1.
There’s a large basket of apples in one corner of the kitchen. I smelled them last night as I lay in the darkness. What will I do, what will I do? I used to make apple butter, apple sauce, chutney, jam; now they are the last things to leave the shelves. What will I do, I wondered in the dark. It was something to think about other than tanks and guns, new graves in the burned fields, and the politics of resentment filling the airwaves all weekend.
2.
Eve’s knees ground in the dirt
of paradise. Newton watching gravity
happen. The history
of apples in each starry core
3.
Measure out flour, butter, ice-water. Listen to news of war in your grandfather’s country, retreats, revenge (a small man in your own country announcing victory and eager for an election). Cut the butter into the flour, mix to a shaggy dough.
4.
The apple endures.
Born of the wild rose, of crab ancestors.

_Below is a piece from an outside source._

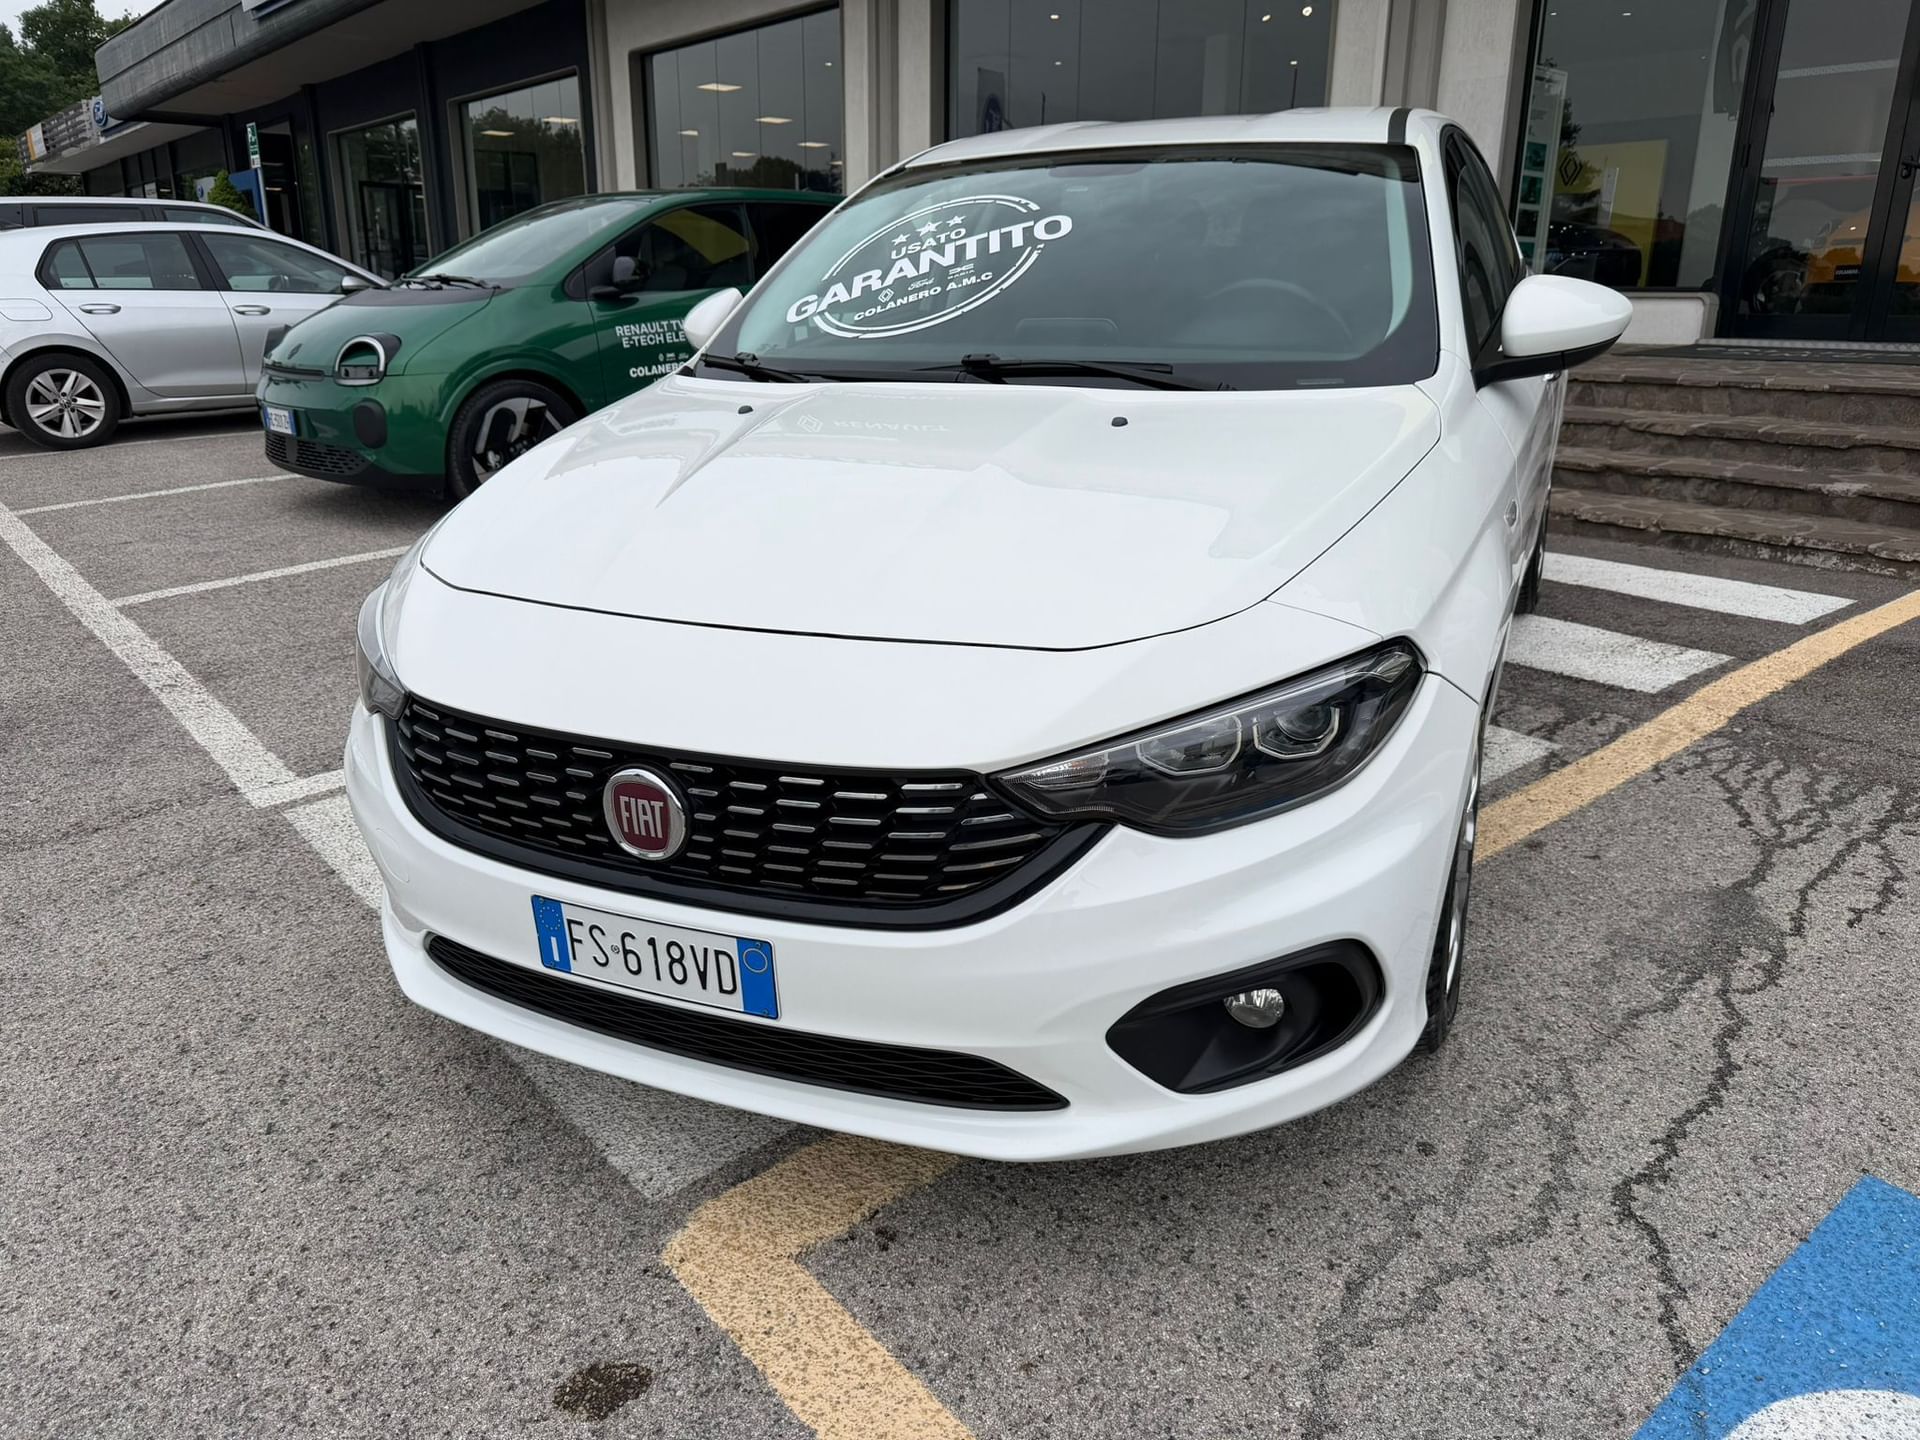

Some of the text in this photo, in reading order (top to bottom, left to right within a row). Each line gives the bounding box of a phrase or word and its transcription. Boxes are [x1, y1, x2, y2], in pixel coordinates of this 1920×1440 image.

The first pip raised in Kazakhstan.
5.
Peeled, trimmed of their bruises (the wind-fallen, the overripe), cored, sliced, drizzled with lemon juice, sprinkled with cinnamon, ginger, a grating of nutmeg. Brown sugar. A little vanilla to round out the flavour. Let them sit while you roll out the pastry, let the scent of ginger overwhelm the bitter smoke from fires in Hope, the Interior, Washington State. Let them sit.
5.
Hard cider. Winter banana.
Melt-in-the-mouth made sweet
by hives
7.
Roll out the pastry on the wooden board given to you 45 Christmases ago. Line the pans with the pliant rounds. Try not to think of your missed swim (the particulates, the haze). Keep your hands busy.
8.
Some of the apples were green-shouldered, some were golden beauties. Fallen or picked, they were perfection, tart-fleshed. Their scent filled the darkness last night and now in the freezer, pies wait for winter. Keep the bitter men from power, hide the sharp knives at the back of a drawer, mend the gate the bear broke in eagerness to feast on apples the day after they were picked.
(Note: the lines of poetry are from Dorianne Laux’s “A Short History of the Apple”.)
Spectacular! Thanks.
Rolling out pastry focuses my attention. Sometimes.